The listing, minus its pictures, is to be given again exactly.
● ● ●
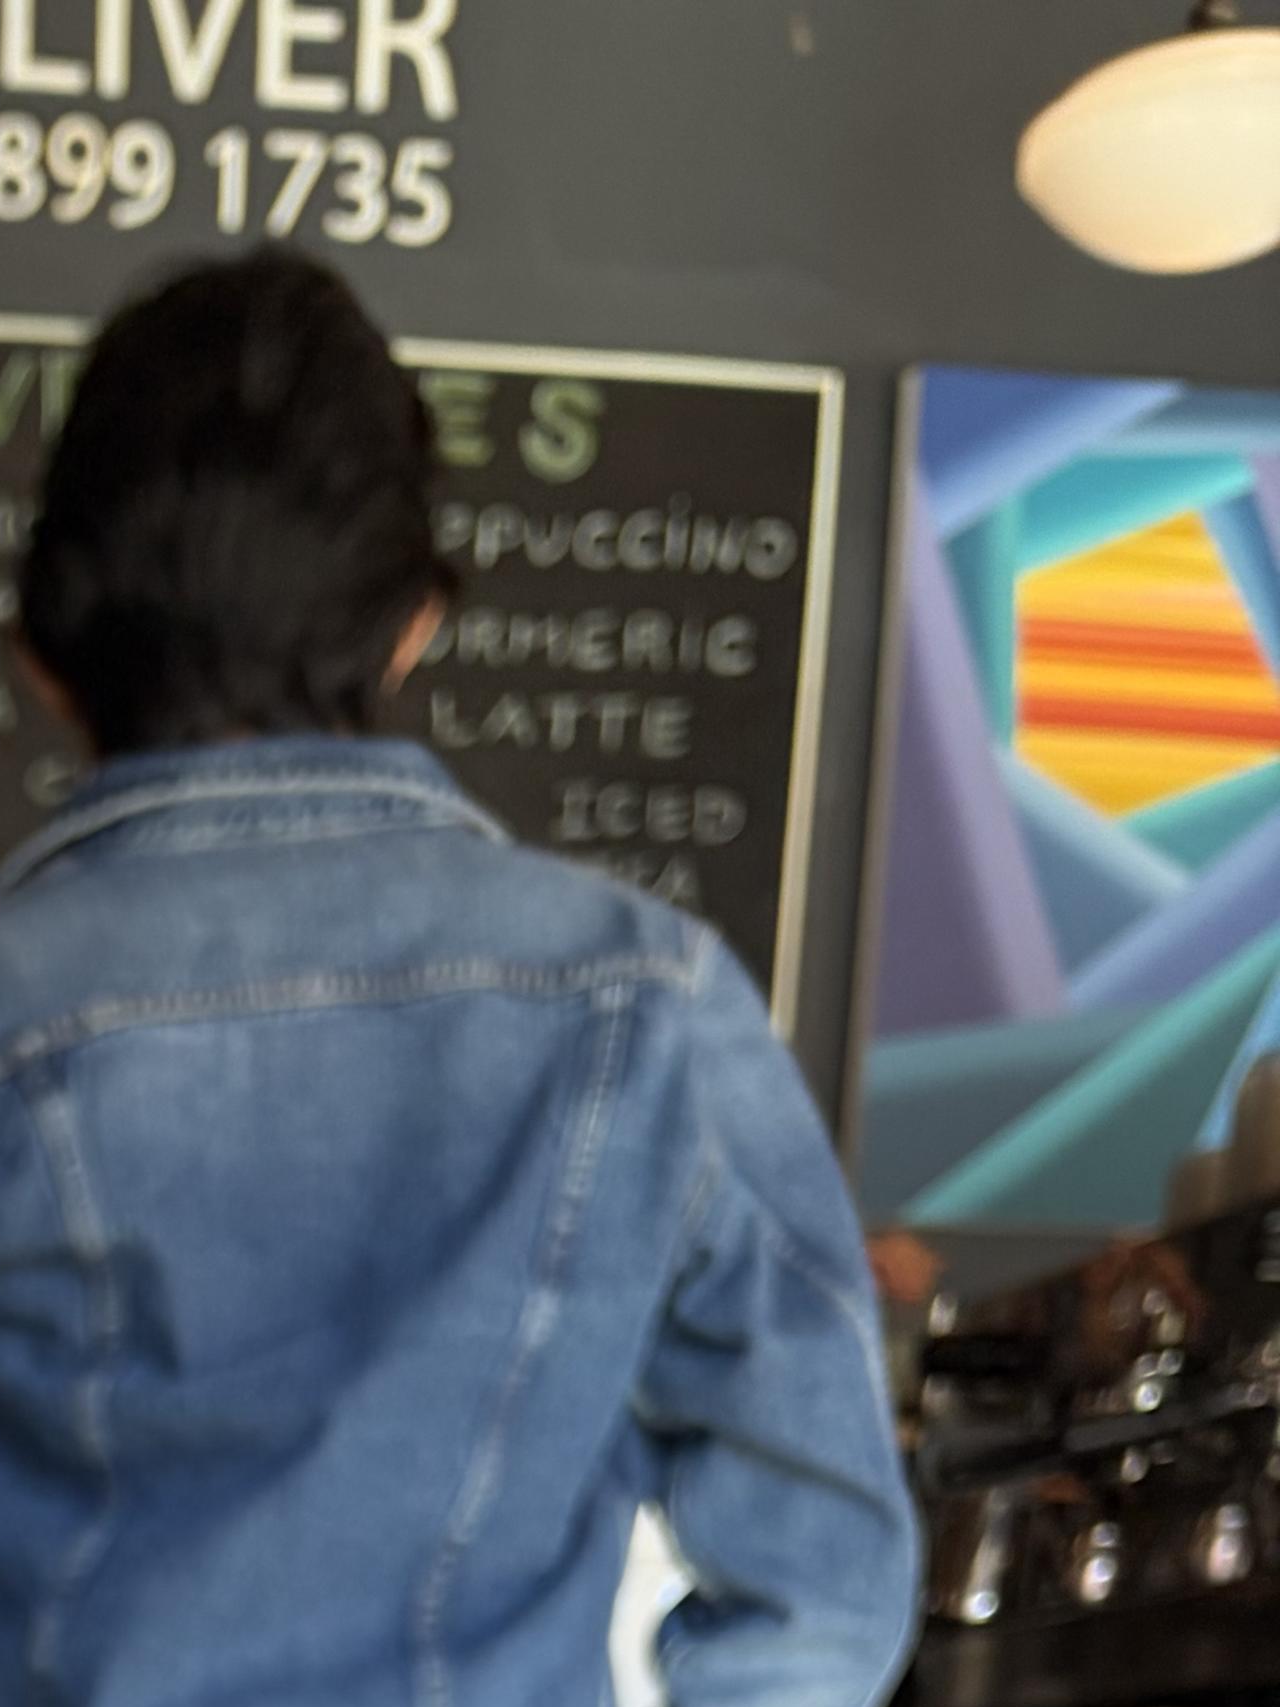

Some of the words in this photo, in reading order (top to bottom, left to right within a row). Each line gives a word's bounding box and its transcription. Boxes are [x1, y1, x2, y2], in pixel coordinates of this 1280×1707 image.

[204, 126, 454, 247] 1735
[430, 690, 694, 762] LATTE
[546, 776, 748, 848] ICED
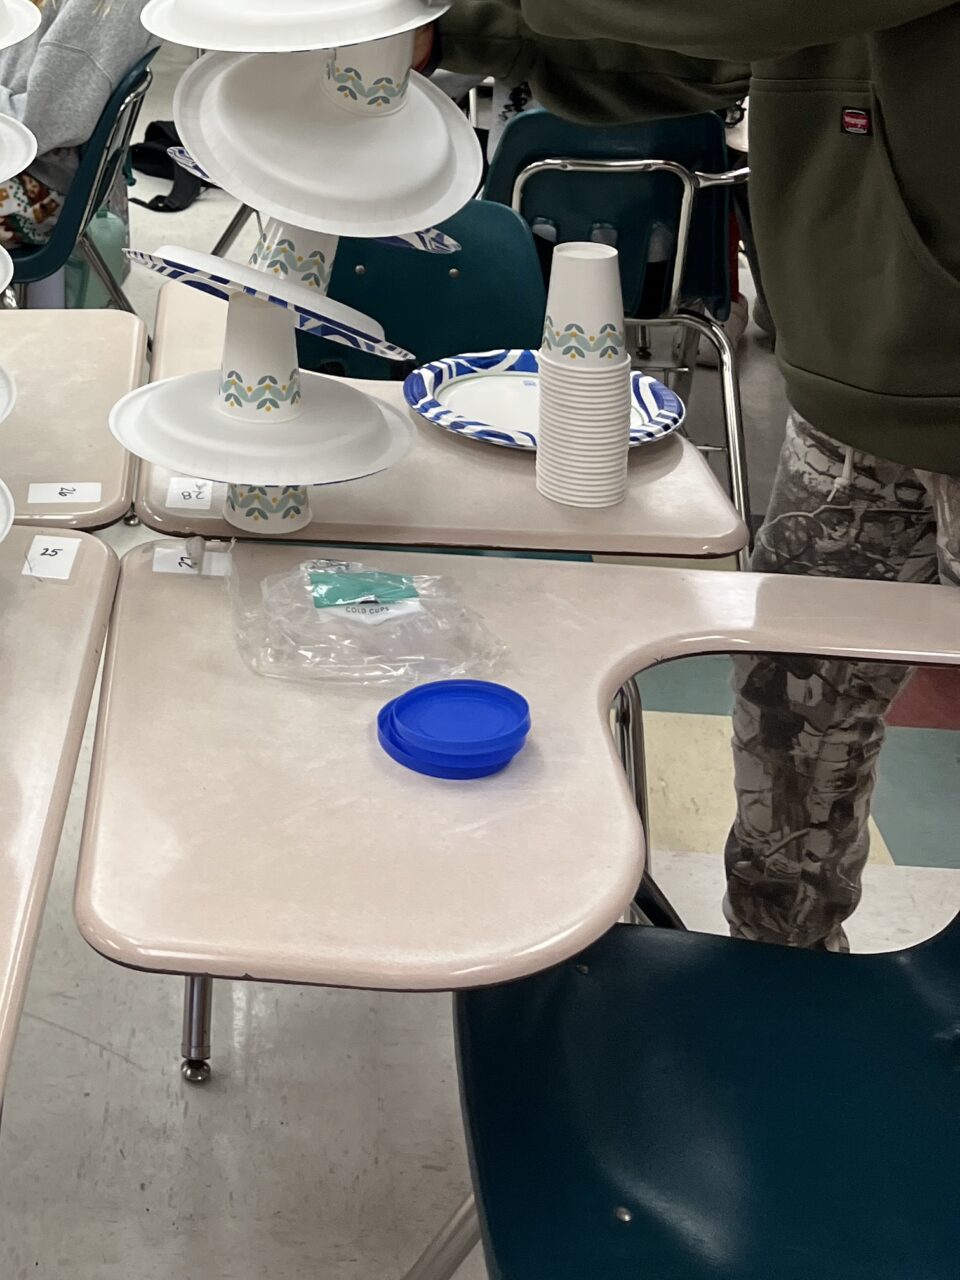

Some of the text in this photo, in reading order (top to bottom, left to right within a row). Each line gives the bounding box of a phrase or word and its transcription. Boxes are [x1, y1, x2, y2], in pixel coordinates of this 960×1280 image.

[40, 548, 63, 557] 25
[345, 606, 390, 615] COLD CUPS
● ● ●
» Exercise solution
Some of the words in this photo, in reading order (top to bottom, left to right within a row). Each line gives a word's bounding box and its transcription. Boxes are [x1, y1, x2, y2], in pixel coordinates of this 1280×1707 image.

[204, 126, 454, 247] 1735
[430, 690, 694, 762] LATTE
[546, 776, 748, 848] ICED

Some of the text in this photo, in reading order (top to bottom, left to right within a row). Each line gives the bounding box of a phrase or word and its transcription. Boxes are [x1, y1, x2, y2], in pixel coordinates of this 960×1280 image.

[40, 548, 63, 557] 25
[345, 606, 390, 615] COLD CUPS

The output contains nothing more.